Remix - eine Kunstform
Meine Liebe für Remixe begann schon in der Teenager-Zeit – mit 2 Technics, einem Kassettenrekorder und viel Vorstellungskraft.
Eines der frühesten Beispiele im Hip-Hop war 1981 Grandmaster Flash mit The Adventures of Grandmaster Flash on the Wheels of Steel – ein Track, der Songs, Breaks und Beats zu etwas Neuem verband. Roh. Direkt. Lebendig.
Meine Liebe für Remixe begann in meiner DJ-Zeit. Teenagerjahre, zwei Technics 1210er, ein 4-Spur-Kassettenrekorder. A-cappellas über neue Beats gelegt, immer auf der Suche nach einem eigenen Klang.
Im Funkadelic, meinem Stammclub, stand ich manchmal sogar mit drei Turntables hinter dem Pult.

Später im Studio kamen die SP-1200, Cubase, Logic dazu. Und mit ihnen unzählige eigene Versionen von Songs. Daraus entstand auch mein Remix-Projekt Momentaufnahmen (1999, Quiet Force Records).

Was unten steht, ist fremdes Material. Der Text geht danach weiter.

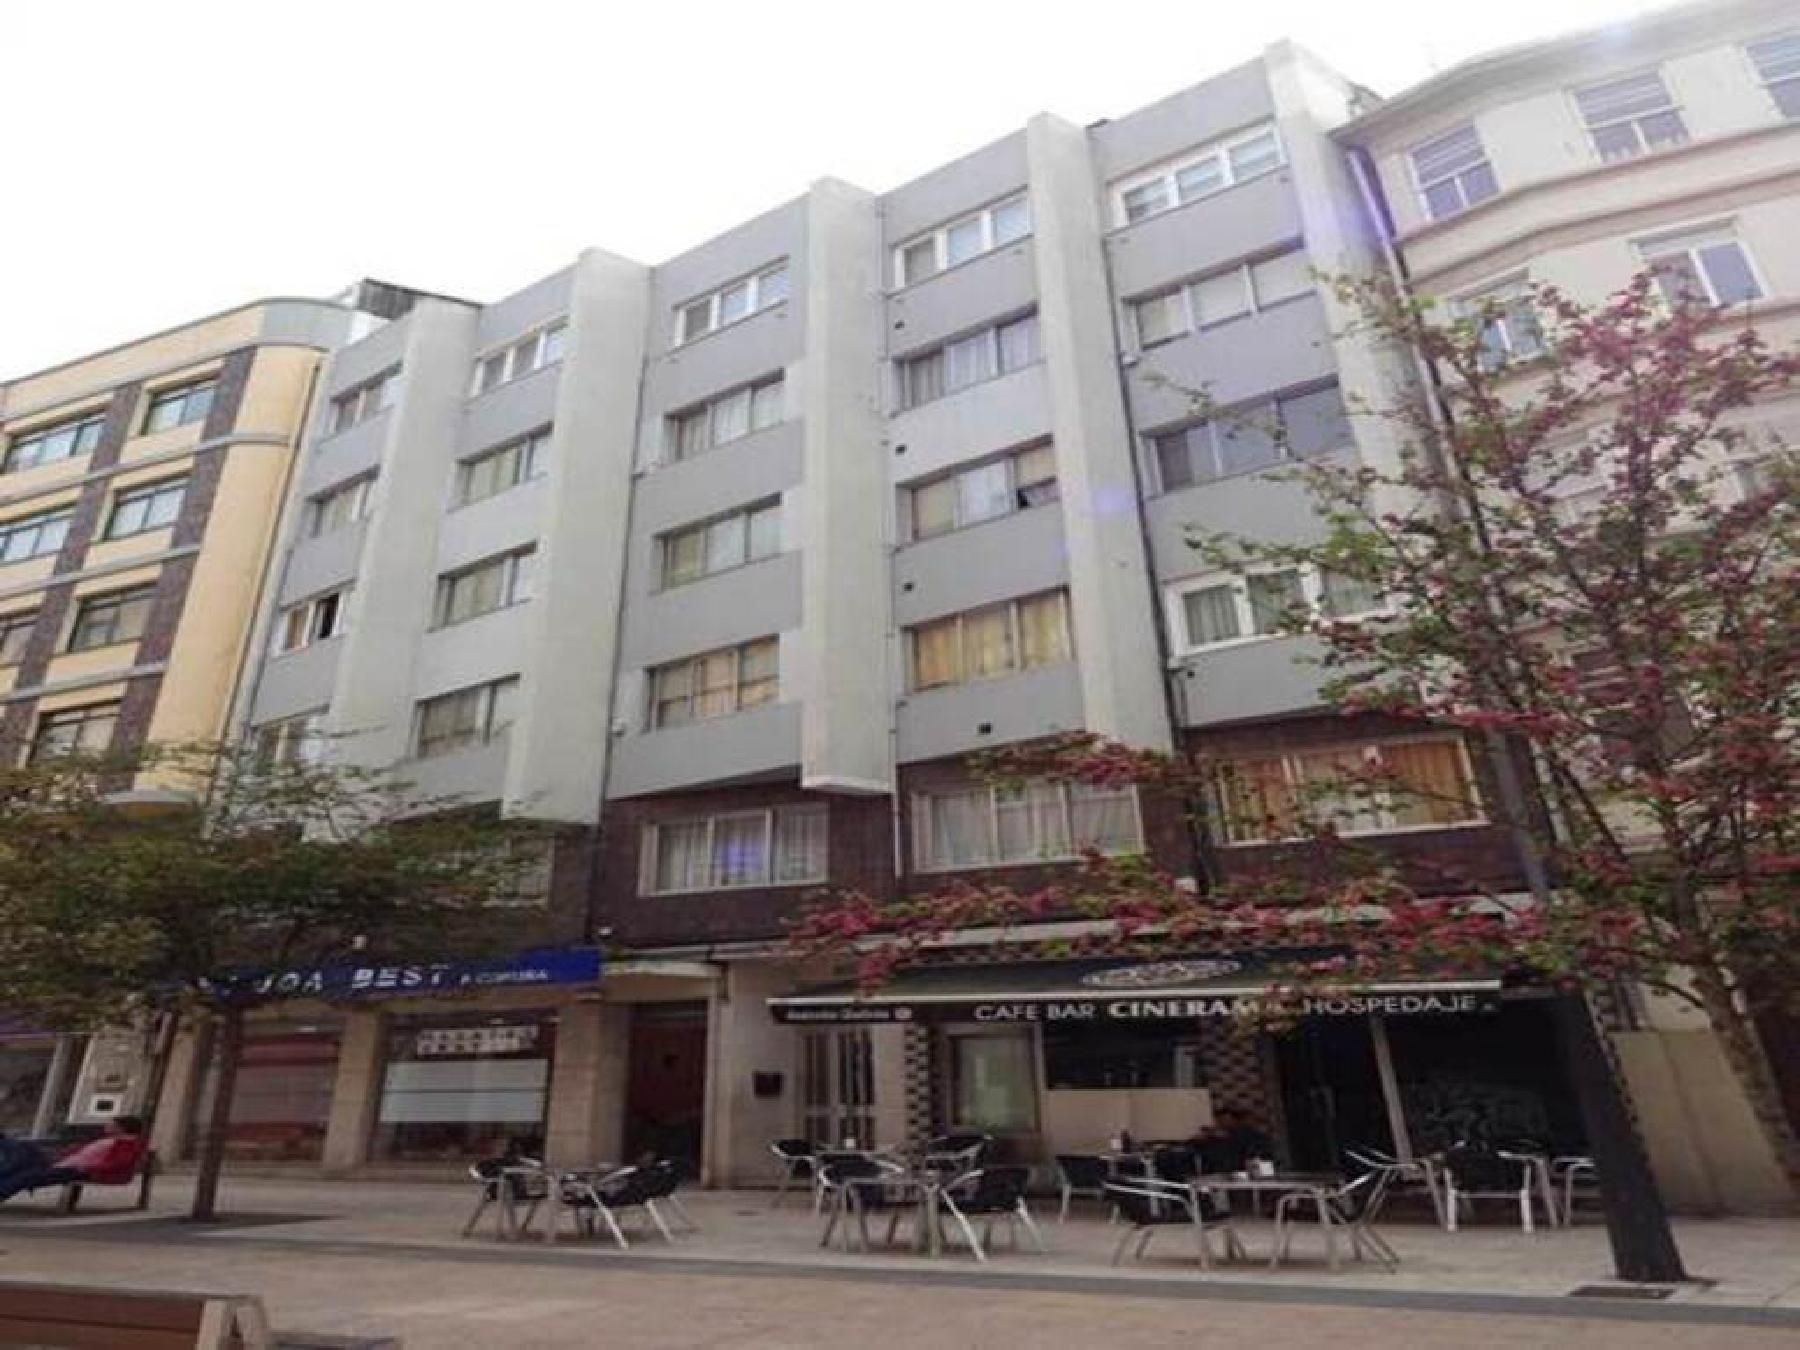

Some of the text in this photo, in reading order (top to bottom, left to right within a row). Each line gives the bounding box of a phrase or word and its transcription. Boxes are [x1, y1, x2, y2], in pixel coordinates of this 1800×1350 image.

Ein Remix ist kein Wollen.
Es ist ein Gefühl – ein inneres Andocken.
Beim Remix entsteht ein neuer Klangraum, geführt von dem, was die Stimme in mir auslöst.
Der Raum öffnet sich für den MC von selbst.
Es entsteht aus Imagination und feiner Wahrnehmung.
Just the simplicity of resting and receiving.